COVID-19 Creates New Connections in the World of Ballroom Dance

Superior Ballroom Dance Studio is Seeing a Slight Increase in Customers Amid the COVID-19 Pandemic

DULUTH, Minn. – Small businesses across the Northland are facing extreme financial challenges amid the COVID-19 pandemic.

From restaurants to boutiques, and even ballroom dance studios, changes are being made daily to keep clients engaged and revenue coming in.

“I like to dance all day long and share knowledge,” said Benjamin Welch, head instructor at Superior Ballroom Dance Studio. “I love looking at people’s movements and helping them move more.”

Welch has a passion for helping others perfect a routine.

“We realized what our place was to try to keep everyone motivated and keep looking up with all of these other things happening,” said Welch.

Back in March, COVID-19 concerns complicated beats on the ballroom floor.

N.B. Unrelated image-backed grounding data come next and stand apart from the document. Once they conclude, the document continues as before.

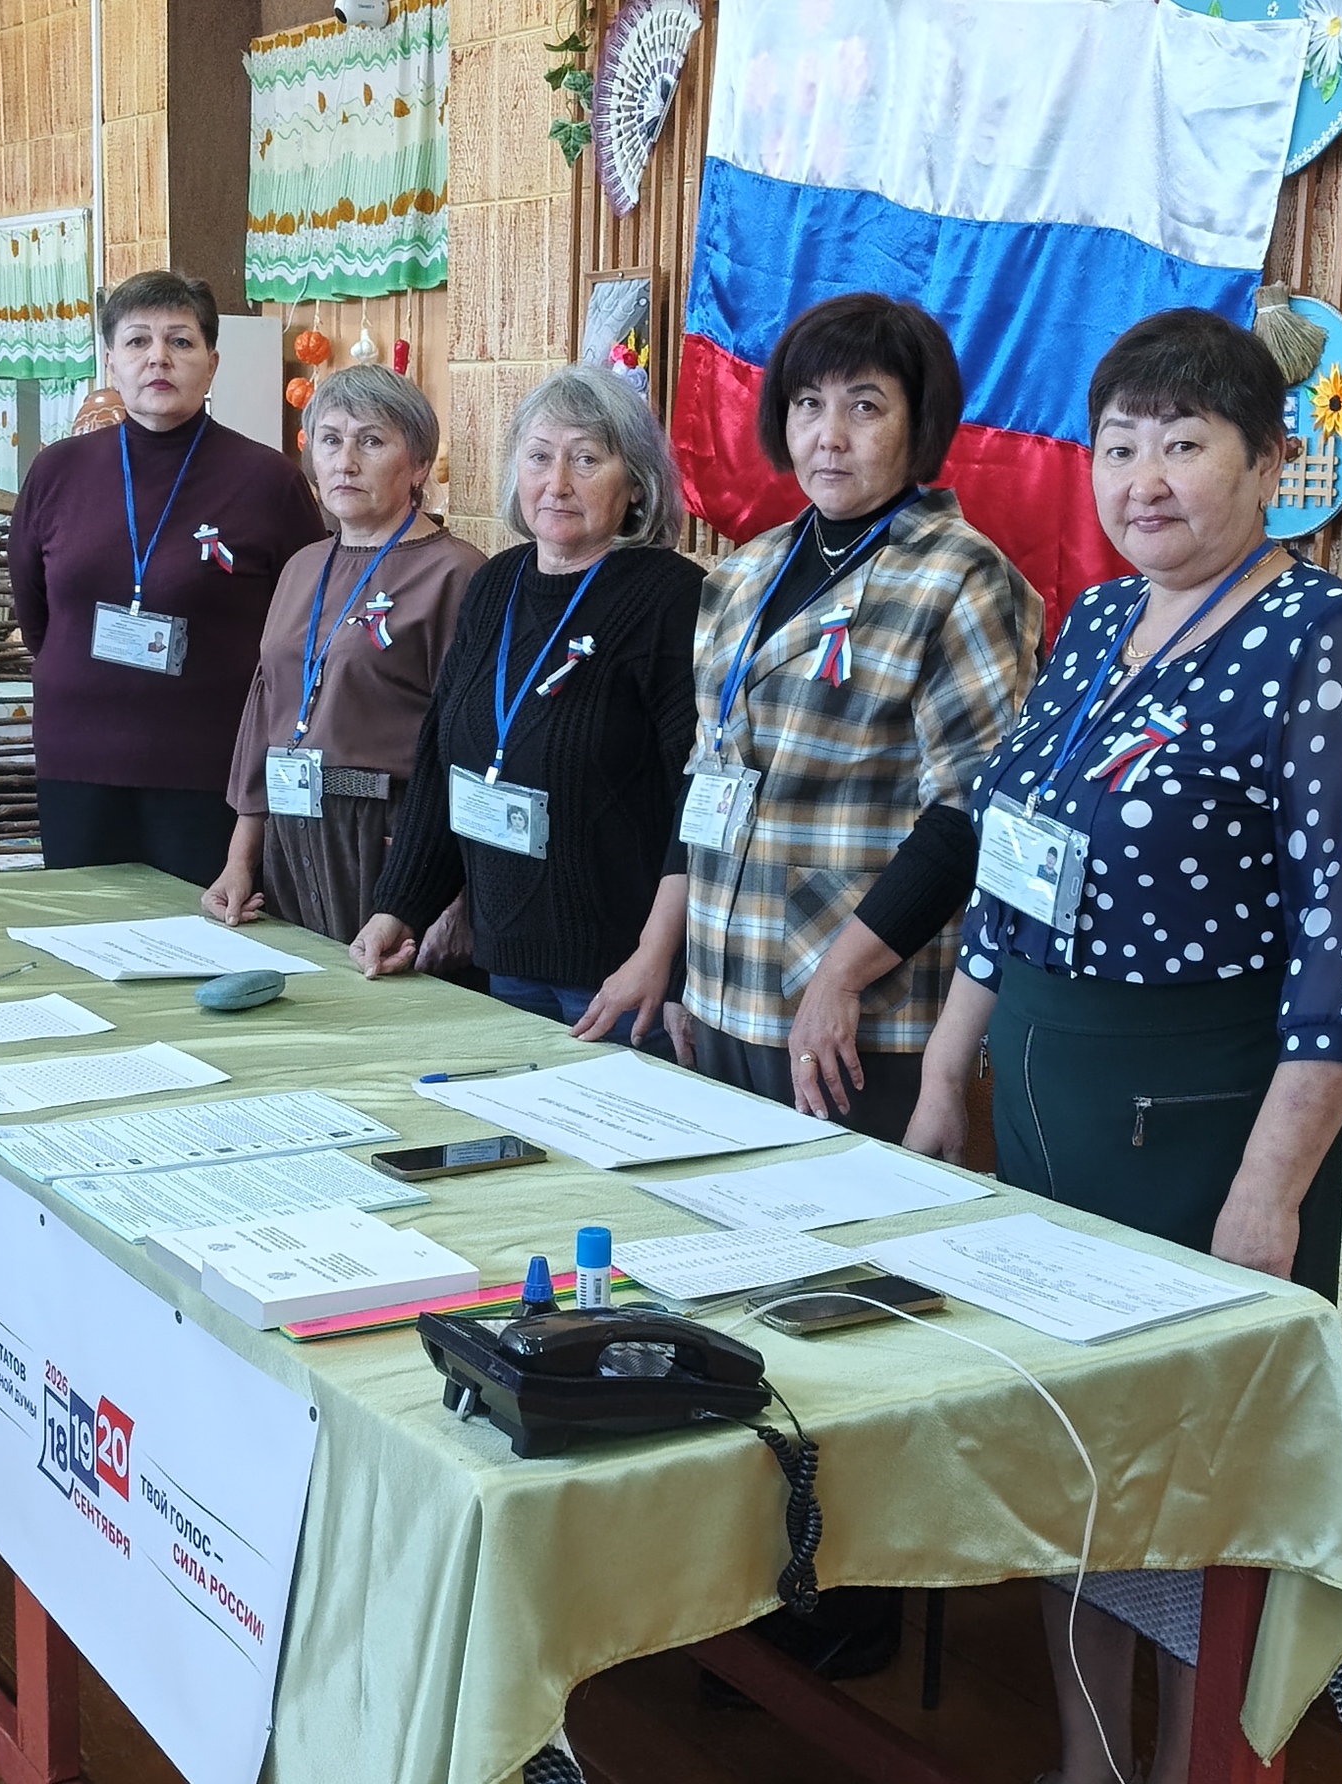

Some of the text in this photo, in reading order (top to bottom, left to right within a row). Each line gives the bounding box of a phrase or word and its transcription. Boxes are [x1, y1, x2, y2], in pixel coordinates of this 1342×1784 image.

[14, 1388, 37, 1420] ДУМЫ
[45, 1359, 69, 1397] 2026
[48, 1413, 129, 1479] 18 19 20
[73, 1487, 130, 1560] СЕНТЯБРЯ
[140, 1474, 168, 1519] ТВОЙ
[170, 1505, 211, 1557] ГОЛОС
[173, 1542, 266, 1646] СИЛА РОССИИ!

“Whenever things come up like this you could either adapt or not and choose to do something different,” said Welch.

The talented crew at Superior Ballroom Dance Studio located at 21 North Lake Avenue in Duluth, continues to dance forward, figuring out how to best provide for their dozens of clients in a health conscious way.

“We are fortunate enough that we have survived,” said Andrea Kuzel, owner of Superior Ballroom Dance Studio. “It’s been different, it’s been very different.”

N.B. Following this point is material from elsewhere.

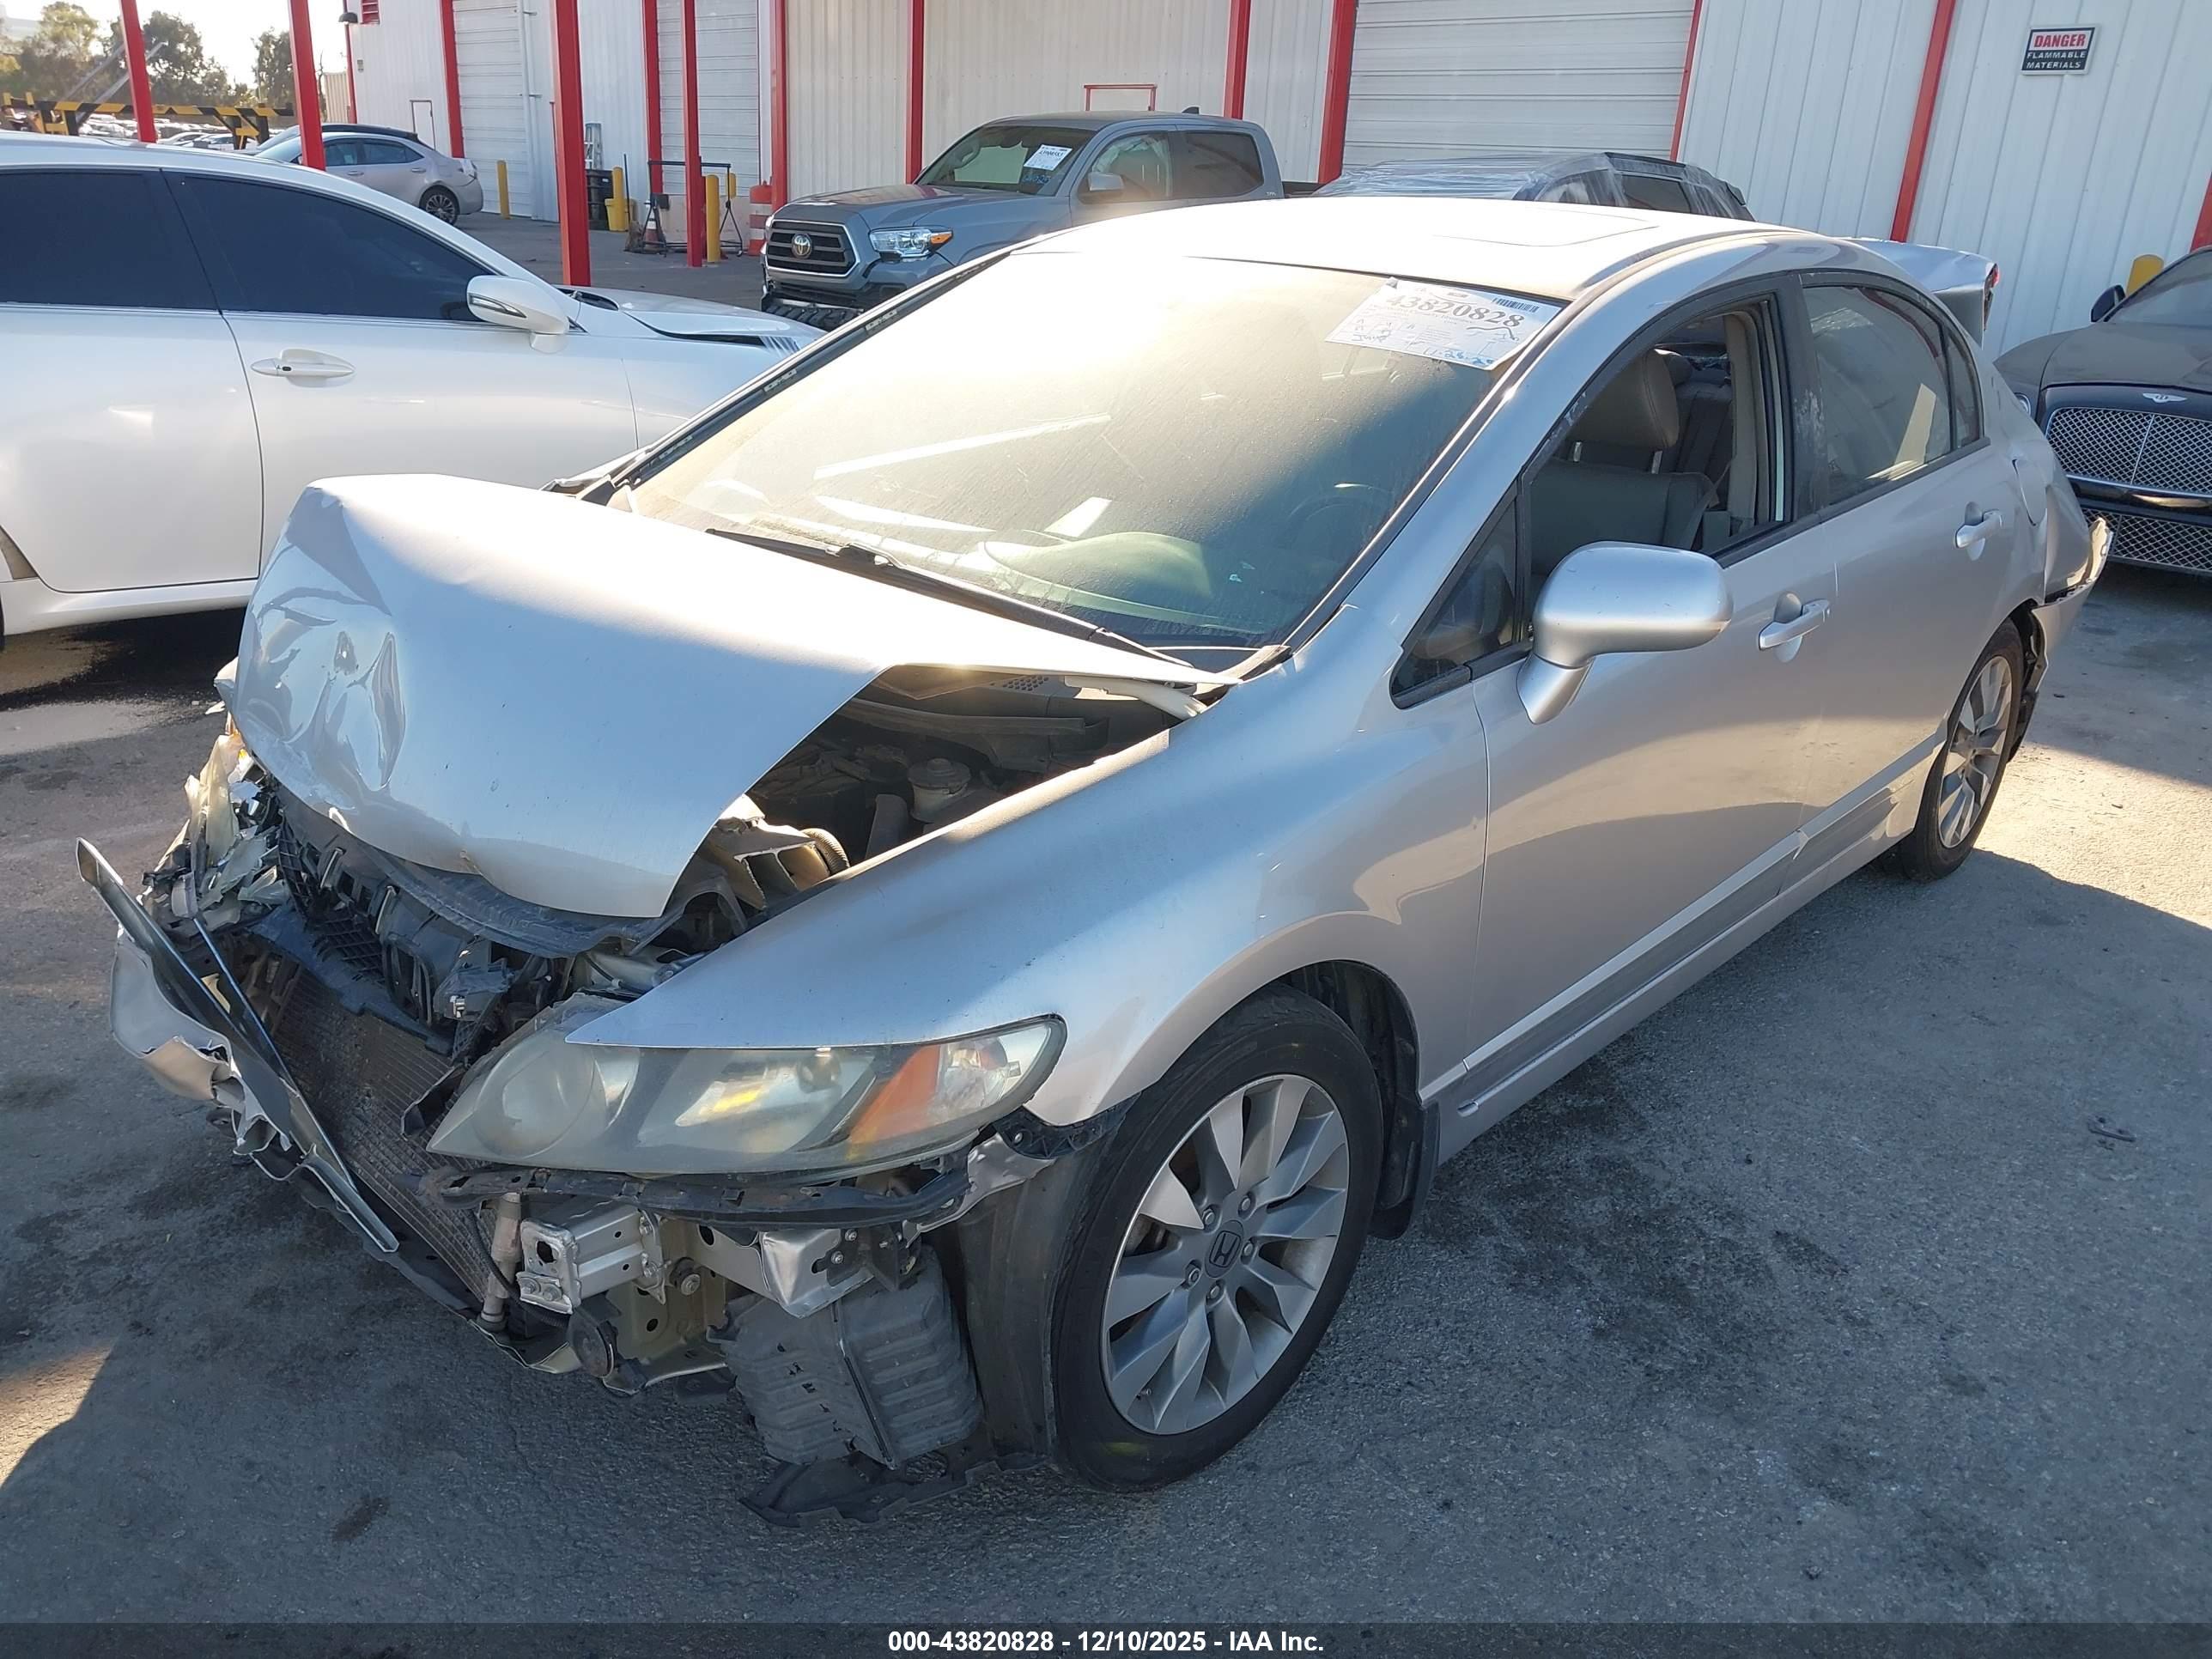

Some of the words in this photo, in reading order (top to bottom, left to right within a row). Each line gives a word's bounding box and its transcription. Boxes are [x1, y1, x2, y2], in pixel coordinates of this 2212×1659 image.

[2034, 33, 2087, 47] DANGER
[2027, 51, 2087, 59] FLAMMABLE
[2026, 61, 2081, 70] MATERIALS
[1386, 295, 1525, 328] 43820828

Kuzel never imagined having to close her doors due to a global pandemic.

“We have morphed with the times and it’s working, so it’s great,” said Kuzel.

Faced with a tough tango at first, Kuzel and her dedicated team have since reopened, providing socially distanced lessons, as well as virtual versions for those uncomfortable with in-person instruction.

“Even though it’s kind of a tough hobby to have, or I should say even a lifestyle to have, it’s also something I think that people needed and people missed and I think that came out during the pandemic,” said Kuzel.

The ballroom is also home to a handful of new clients choosing to branch out and experience new, more intimate activities rather than large group events.

“If you have a couple that’s quarantining together and we’re teaching a lesson from that far, and everybody’s masked up, it almost eliminates the risk,” said Kuzel.

With safety first, Kuzel says singles could also benefit from taking on a new hobby during the COVID-19 pandemic.

“The fundamentals of learning is just learning where your feet go first, so that is something you could learn on your own,” said Kuzel.

Whether you foxtrot with friends or learn a waltz while quarantining at home, both professionals say staying active will help your outlook during a year of ups and downs.

“It’s really important to keep moving because that helps release all of those endorphins, creates those good feelings as we go, and it helps us not spiral downward,” said Welch.

“The physical connection and also the social connection and also just staying active. Having something that gets you to be active and not have to think about everything that’s going on in the world,” said Kuzel.

Kuzel says business is booming so much, they’re looking to hire new dance instructors as they continue to accept new clients.

The dance instructors and their students have been participating in virtual competitions amid the COVID-19 pandemic.